Dataset entries
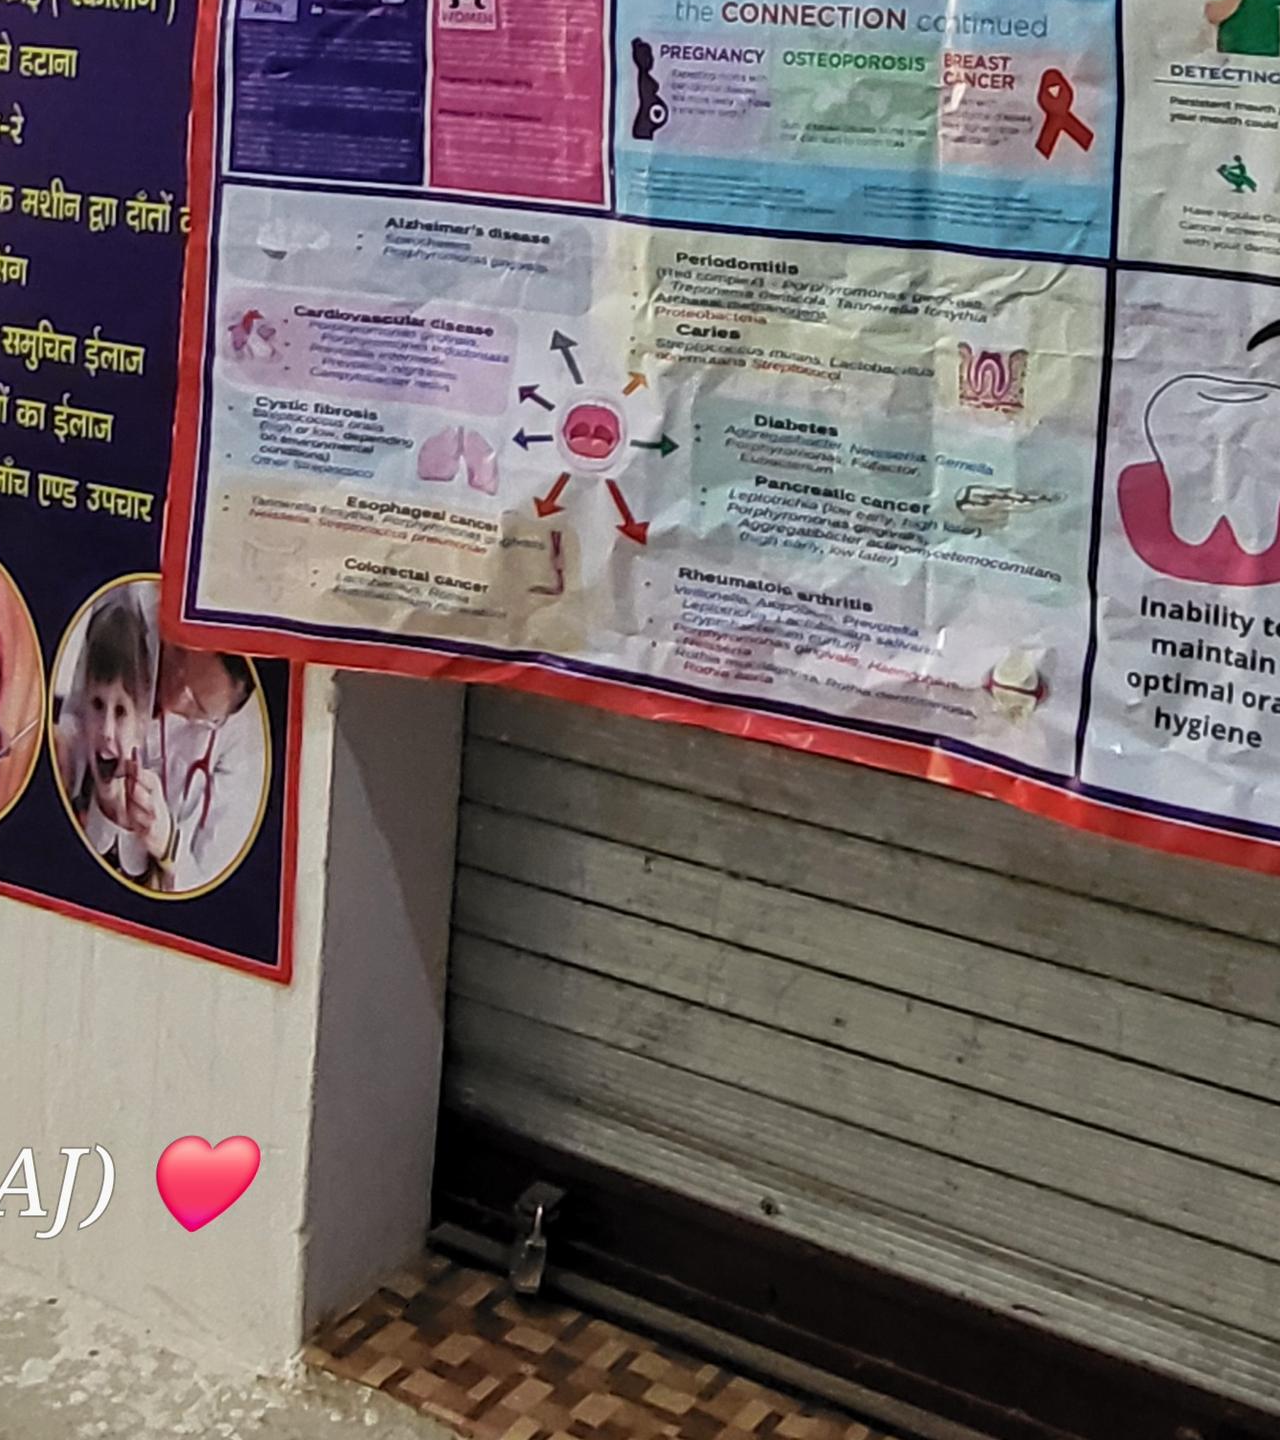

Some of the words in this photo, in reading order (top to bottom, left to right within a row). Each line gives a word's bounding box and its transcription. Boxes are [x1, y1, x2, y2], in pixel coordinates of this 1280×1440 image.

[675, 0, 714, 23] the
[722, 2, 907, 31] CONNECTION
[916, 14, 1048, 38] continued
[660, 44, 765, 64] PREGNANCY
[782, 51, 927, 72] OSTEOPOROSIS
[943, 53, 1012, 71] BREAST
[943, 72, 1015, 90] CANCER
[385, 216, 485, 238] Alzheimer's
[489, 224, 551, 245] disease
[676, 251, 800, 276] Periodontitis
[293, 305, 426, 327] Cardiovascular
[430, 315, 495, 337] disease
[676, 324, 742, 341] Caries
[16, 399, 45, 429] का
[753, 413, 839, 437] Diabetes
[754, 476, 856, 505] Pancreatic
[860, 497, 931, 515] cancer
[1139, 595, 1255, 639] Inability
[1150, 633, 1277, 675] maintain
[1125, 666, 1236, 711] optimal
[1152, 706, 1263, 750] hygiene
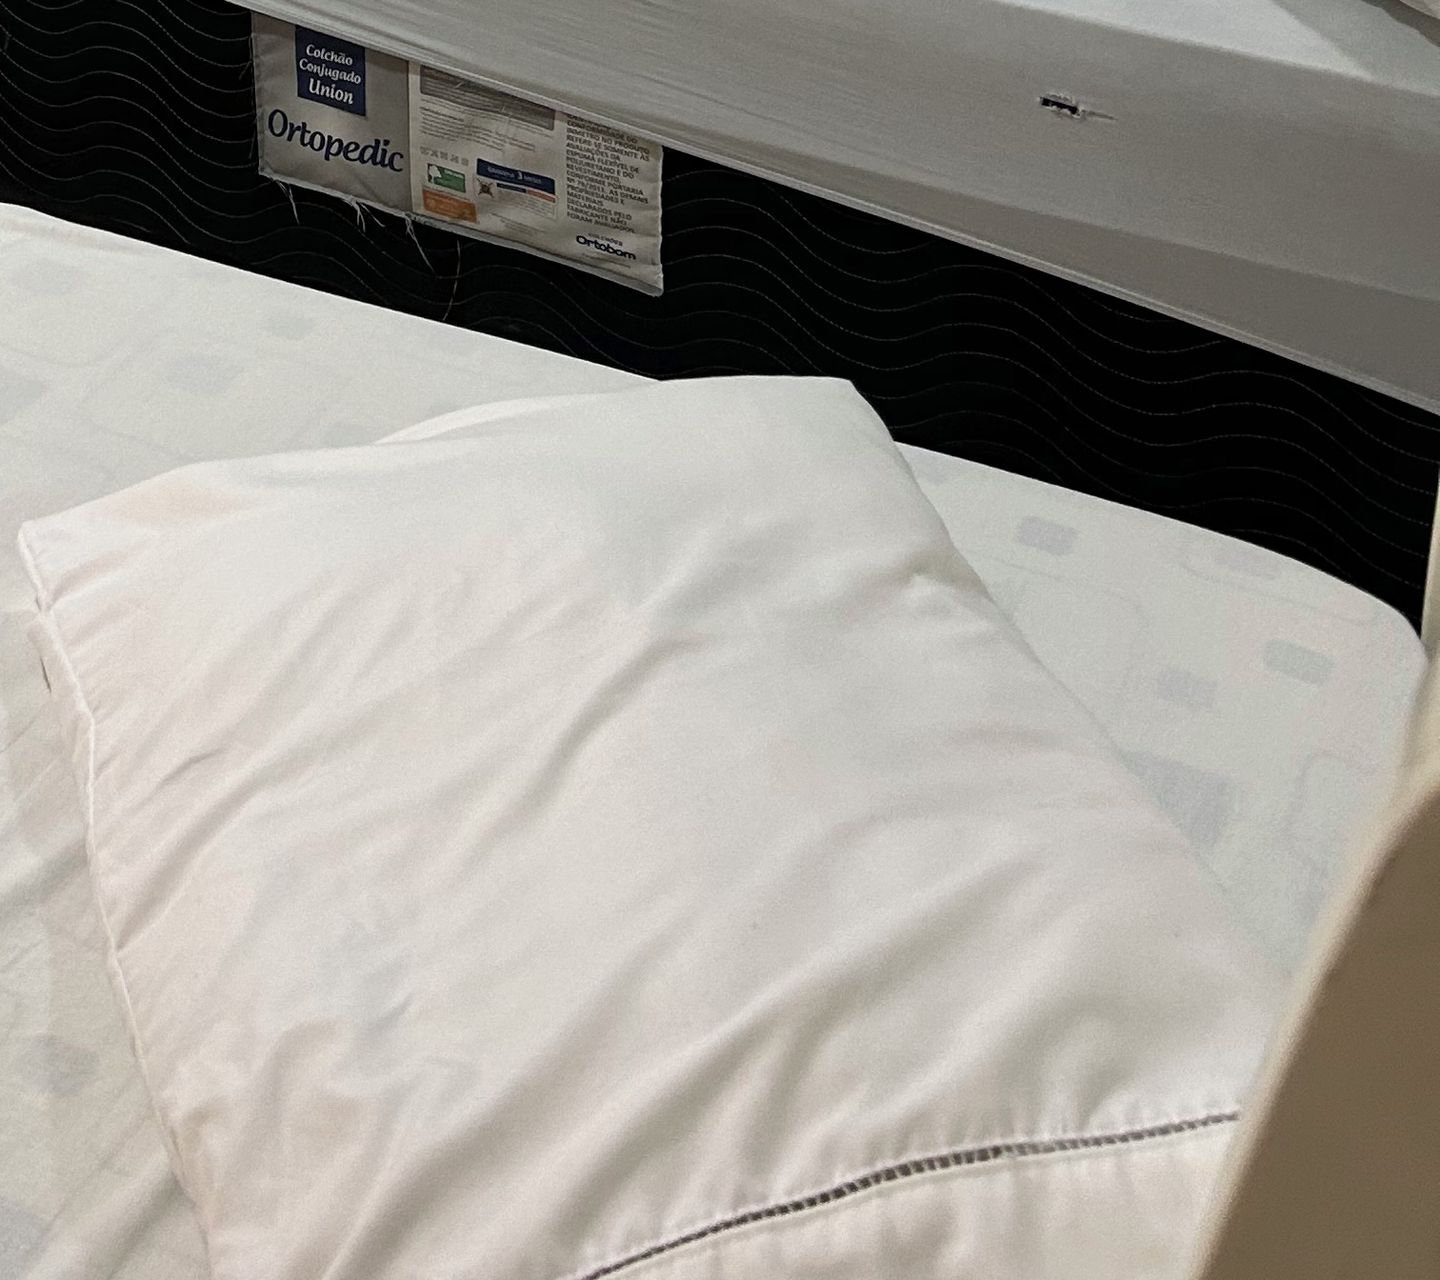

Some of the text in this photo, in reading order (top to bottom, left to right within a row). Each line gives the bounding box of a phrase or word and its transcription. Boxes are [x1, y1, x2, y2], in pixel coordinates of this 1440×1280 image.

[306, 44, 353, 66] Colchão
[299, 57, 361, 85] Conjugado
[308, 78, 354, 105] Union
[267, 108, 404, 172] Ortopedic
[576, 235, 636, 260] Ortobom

▶ TASK
Give back every entry word for word, and drop the pictures as you go.

▶ TASK SOLUTION
Some of the words in this photo, in reading order (top to bottom, left to right within a row). Each line gives a word's bounding box and its transcription. Boxes are [x1, y1, x2, y2], in pixel coordinates of this 1280×1440 image.

[675, 0, 714, 23] the
[722, 2, 907, 31] CONNECTION
[916, 14, 1048, 38] continued
[660, 44, 765, 64] PREGNANCY
[782, 51, 927, 72] OSTEOPOROSIS
[943, 53, 1012, 71] BREAST
[943, 72, 1015, 90] CANCER
[385, 216, 485, 238] Alzheimer's
[489, 224, 551, 245] disease
[676, 251, 800, 276] Periodontitis
[293, 305, 426, 327] Cardiovascular
[430, 315, 495, 337] disease
[676, 324, 742, 341] Caries
[16, 399, 45, 429] का
[753, 413, 839, 437] Diabetes
[754, 476, 856, 505] Pancreatic
[860, 497, 931, 515] cancer
[1139, 595, 1255, 639] Inability
[1150, 633, 1277, 675] maintain
[1125, 666, 1236, 711] optimal
[1152, 706, 1263, 750] hygiene

Some of the text in this photo, in reading order (top to bottom, left to right within a row). Each line gives the bounding box of a phrase or word and its transcription. Boxes are [x1, y1, x2, y2], in pixel coordinates of this 1440×1280 image.

[306, 44, 353, 66] Colchão
[299, 57, 361, 85] Conjugado
[308, 78, 354, 105] Union
[267, 108, 404, 172] Ortopedic
[576, 235, 636, 260] Ortobom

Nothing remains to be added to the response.